[Images for object localization]

■ ■ ■ ■ ■ ■ ■

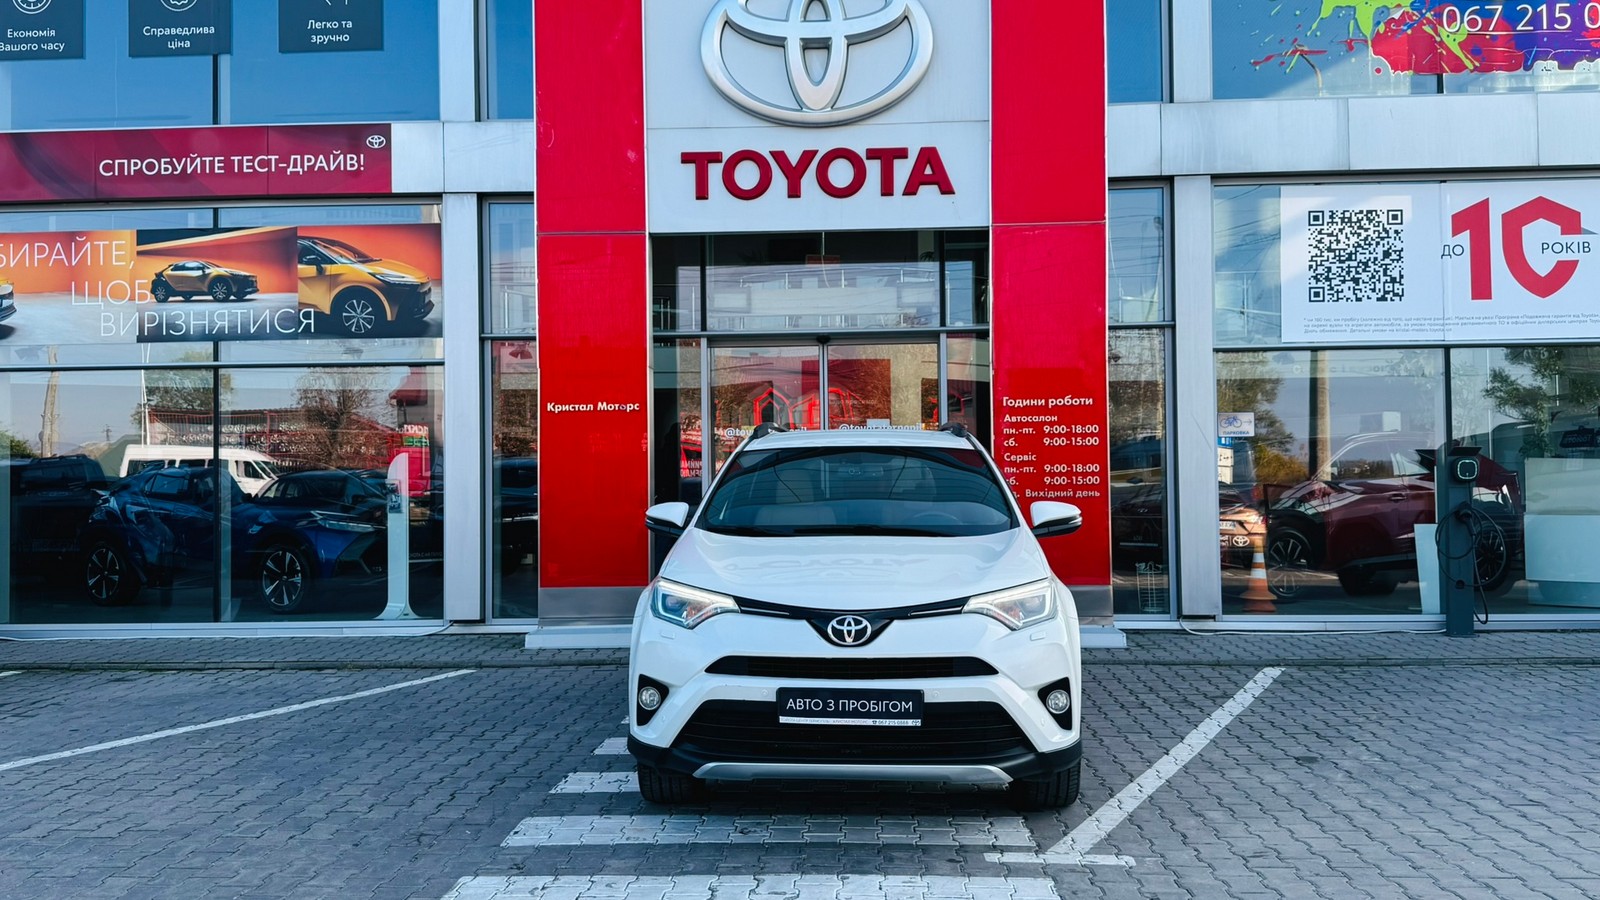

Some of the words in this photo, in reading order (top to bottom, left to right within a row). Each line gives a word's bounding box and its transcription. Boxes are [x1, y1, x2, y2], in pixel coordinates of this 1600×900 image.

[1442, 5, 1503, 33] 067
[1516, 3, 1572, 31] 215
[307, 19, 339, 30] Легко
[341, 20, 353, 29] та
[7, 28, 56, 38] Економія
[143, 25, 215, 37] Справедлива
[167, 38, 191, 50] ціна
[310, 34, 350, 45] зручно
[0, 42, 38, 52] Вашого
[41, 42, 65, 52] часу
[99, 154, 225, 177] СПРОБУЙТЕ
[231, 150, 365, 175] ТЕСТ-ДРАЙВ!
[681, 146, 956, 200] TOYOTA
[1441, 244, 1465, 259] ДО
[1541, 241, 1592, 254] РОКІВ
[71, 279, 151, 309] ЩОБ
[100, 307, 316, 337] ВИРІЗНЯТИСЯ
[547, 402, 593, 413] Кристал
[597, 402, 640, 412] Моторс
[1002, 397, 1046, 408] Години
[1048, 395, 1093, 409] роботи
[1003, 414, 1058, 423] Автосалон
[1043, 424, 1099, 433] 9:00-18:00
[1003, 437, 1019, 447] сб.
[1043, 437, 1100, 446] 9:00-15:00
[1003, 452, 1037, 463] Сервіс
[1044, 464, 1100, 473] 9:00-18:00
[1006, 476, 1019, 485] б.
[1044, 476, 1100, 485] 9:00-15:00
[1025, 488, 1073, 498] Вихідний
[1075, 490, 1101, 498] день
[786, 698, 823, 711] АВТО
[839, 700, 913, 712] ПРОБІГОМ
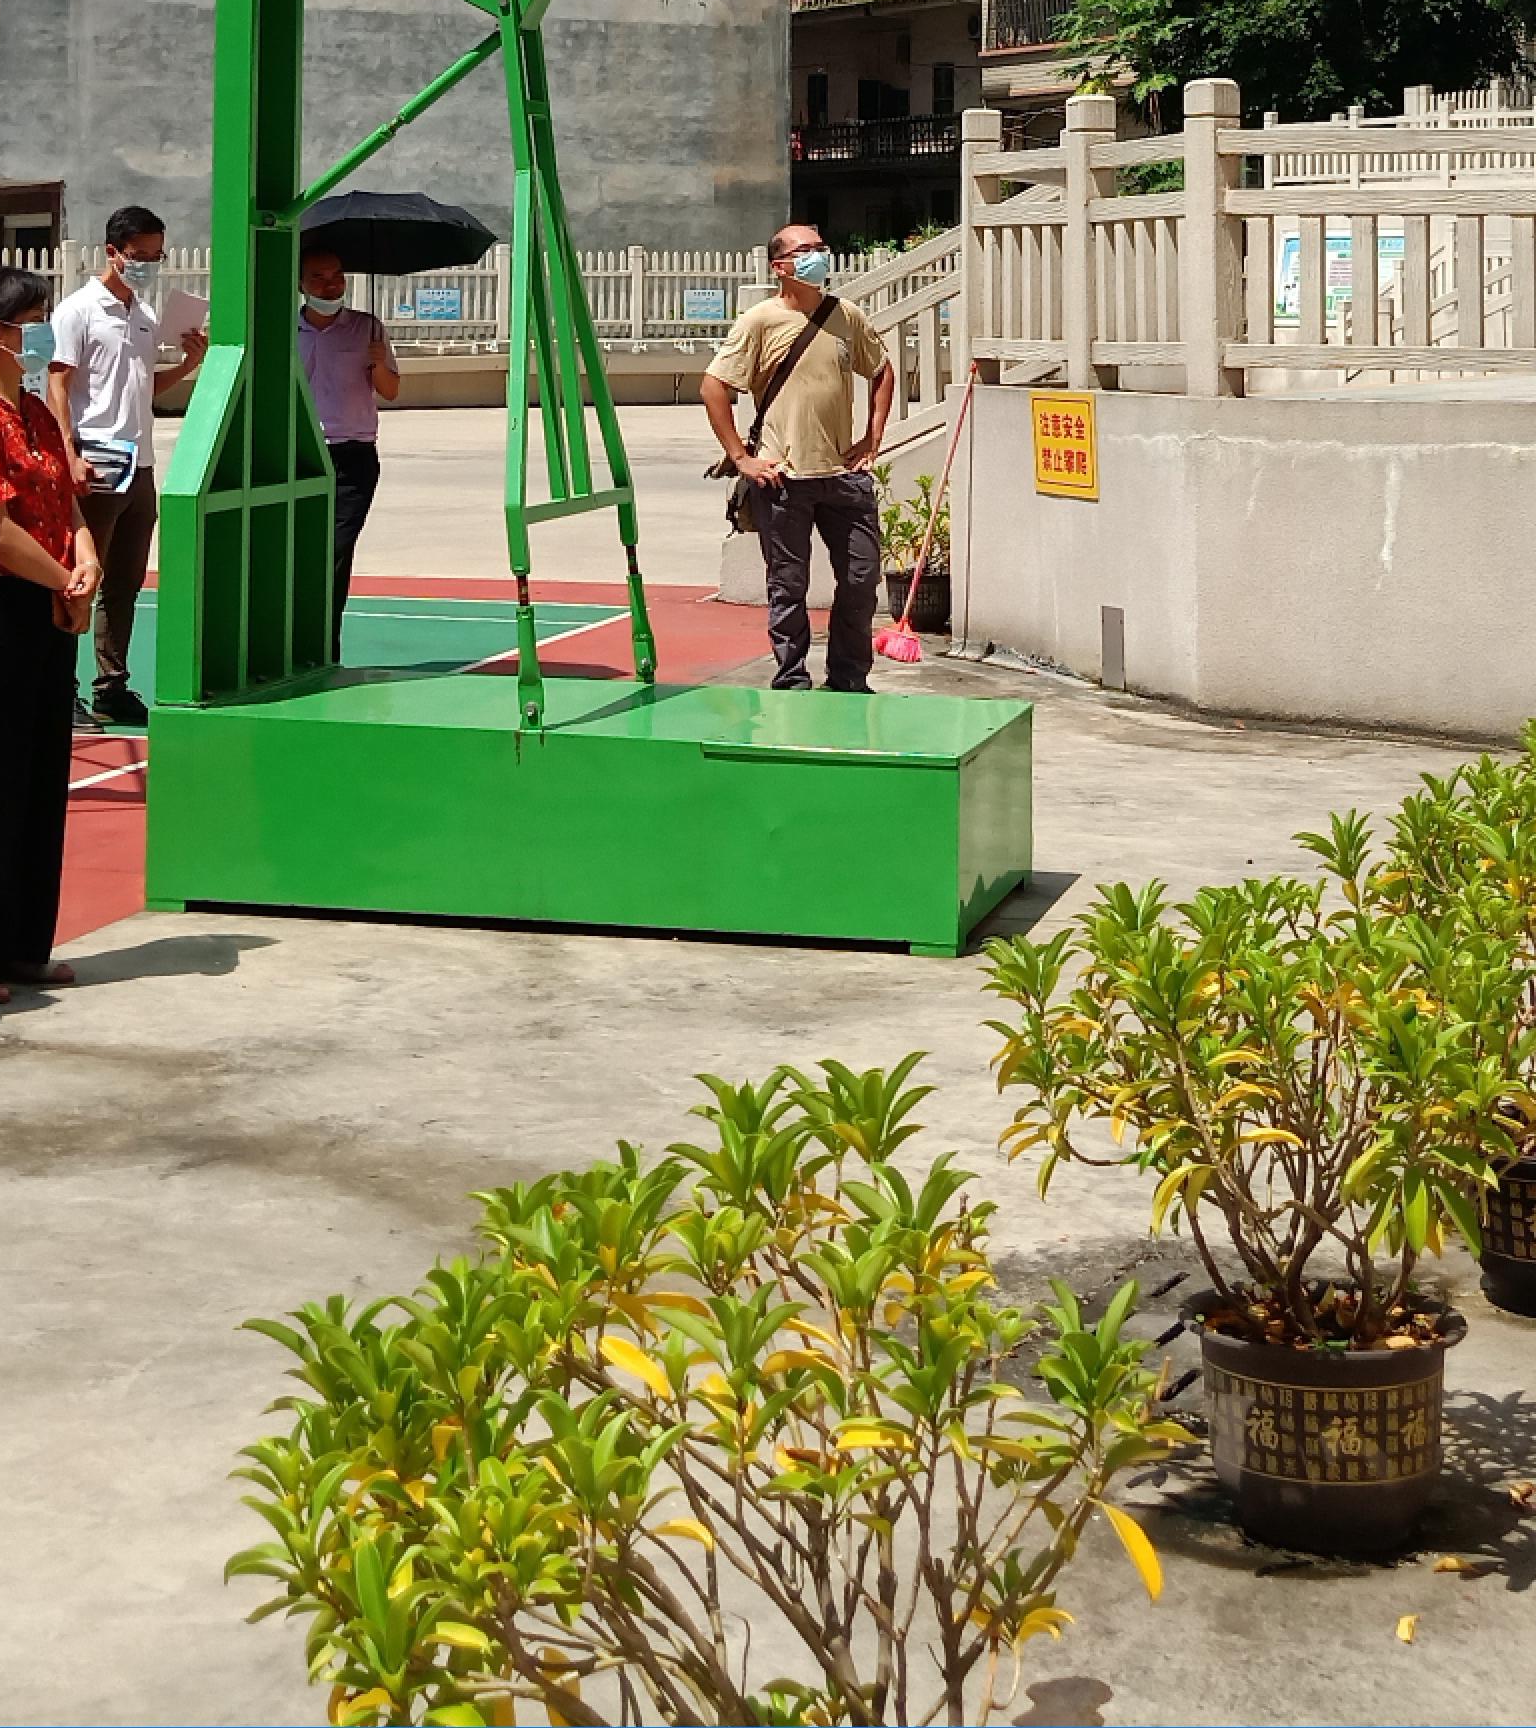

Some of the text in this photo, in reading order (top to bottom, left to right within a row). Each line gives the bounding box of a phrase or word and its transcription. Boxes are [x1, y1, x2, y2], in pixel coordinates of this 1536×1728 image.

■ ■ ■ ■ ■ ■ ■

▶ TASK TO CARRY OUT
All of the lines above should be printed exactly, minus the pictures.

▶ SOLUTION
Some of the words in this photo, in reading order (top to bottom, left to right within a row). Each line gives a word's bounding box and its transcription. Boxes are [x1, y1, x2, y2], in pixel coordinates of this 1600×900 image.

[1442, 5, 1503, 33] 067
[1516, 3, 1572, 31] 215
[307, 19, 339, 30] Легко
[341, 20, 353, 29] та
[7, 28, 56, 38] Економія
[143, 25, 215, 37] Справедлива
[167, 38, 191, 50] ціна
[310, 34, 350, 45] зручно
[0, 42, 38, 52] Вашого
[41, 42, 65, 52] часу
[99, 154, 225, 177] СПРОБУЙТЕ
[231, 150, 365, 175] ТЕСТ-ДРАЙВ!
[681, 146, 956, 200] TOYOTA
[1441, 244, 1465, 259] ДО
[1541, 241, 1592, 254] РОКІВ
[71, 279, 151, 309] ЩОБ
[100, 307, 316, 337] ВИРІЗНЯТИСЯ
[547, 402, 593, 413] Кристал
[597, 402, 640, 412] Моторс
[1002, 397, 1046, 408] Години
[1048, 395, 1093, 409] роботи
[1003, 414, 1058, 423] Автосалон
[1043, 424, 1099, 433] 9:00-18:00
[1003, 437, 1019, 447] сб.
[1043, 437, 1100, 446] 9:00-15:00
[1003, 452, 1037, 463] Сервіс
[1044, 464, 1100, 473] 9:00-18:00
[1006, 476, 1019, 485] б.
[1044, 476, 1100, 485] 9:00-15:00
[1025, 488, 1073, 498] Вихідний
[1075, 490, 1101, 498] день
[786, 698, 823, 711] АВТО
[839, 700, 913, 712] ПРОБІГОМ

Some of the text in this photo, in reading order (top to bottom, left to right within a row). Each line gives the bounding box of a phrase or word and its transcription. Boxes are [x1, y1, x2, y2], in pixel coordinates of this 1536×1728 image.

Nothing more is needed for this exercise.